Targeted RNA-sequencing for the quantification of measurable residual disease in acute myeloid leukemia.

Author information

1
Laboratory of Myeloid Malignancies, Hematology Branch, National Heart, Lung, and Blood Institute, National Institutes of Health, Bethesda, MD.
2
Department of Health Informatics, Rutgers School of Health Professions, Rutgers, The State University of New Jersey, Newark, NJ.
3
Bioinformatics and Computational Biology Core Facility, National Heart, Lung, and Blood Institute, National Institutes of Health, Bethesda, MD, USA.
4
Laboratory of Myeloid Malignancies, Hematology Branch, National Heart, Lung, and Blood Institute, National Institutes of Health, Bethesda, MD hourigan@nih.gov.

Abstract

Great effort is spent on developing therapies to improve the dire outcomes of those diagnosed with acute myeloid leukemia. The methods for quantifying response to therapeutic intervention have however lacked sensitivity.
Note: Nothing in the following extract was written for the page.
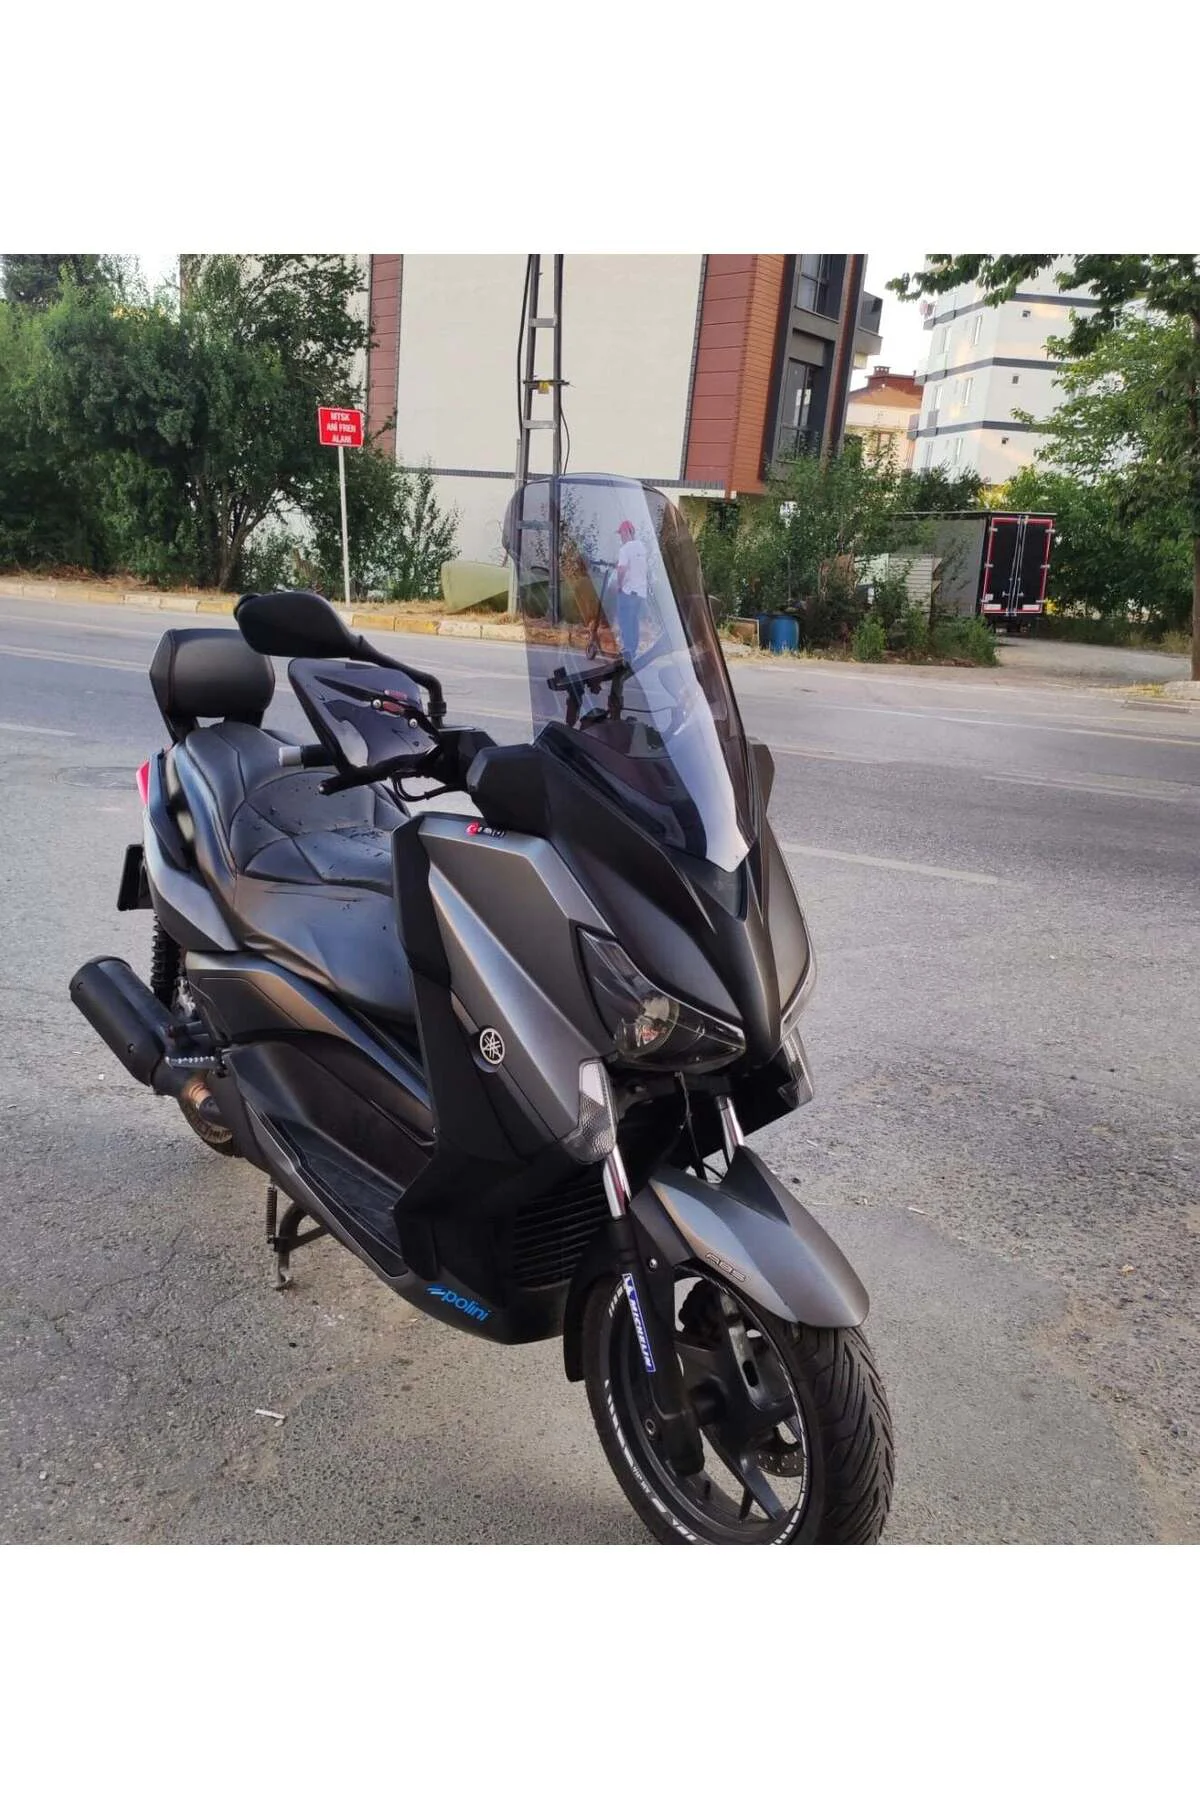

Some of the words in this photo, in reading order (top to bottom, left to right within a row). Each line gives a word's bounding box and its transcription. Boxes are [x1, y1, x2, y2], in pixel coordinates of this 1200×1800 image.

[705, 1252, 746, 1283] ABS
[441, 1290, 492, 1322] polini
[629, 1299, 653, 1368] MICHELIN
Patients achieving a complete remission as defined by conventional cytomorphological methods therefore remain at risk of subsequent relapse due to disease persistence. Improved risk stratification is possible based on tests designed to detect this residual leukemic burden (measurable residual disease). However, acute myeloid leukemia is a genetically diverse set of diseases, which has made it difficult to develop a single, highly reproducible, and sensitive assay for measurable residual disease. Here we present the development of a digital targeted RNA-sequencing-based approach designed to overcome these limitations by detecting all newly approved European LeukemiaNet molecular targets for measurable residual disease in acute myeloid leukemia in a single standardized assay. Iterative modifications and novel bioinformatics approaches resulted in a greater than 100-fold increase in performance compared with commercially available targeted RNA-sequencing approaches and a limit of detection as low as one leukemic cell in 100,000 cells measured, which is comparable to quantitative polymerase chain reaction analysis, the current gold standard for the detection of measurable residual disease. This assay, which can be customized and expanded, is the first demonstrated use of high-sensitivity RNA-sequencing for measurable residual disease detection in acute myeloid leukemia and could serve as a broadly applicable standardized tool.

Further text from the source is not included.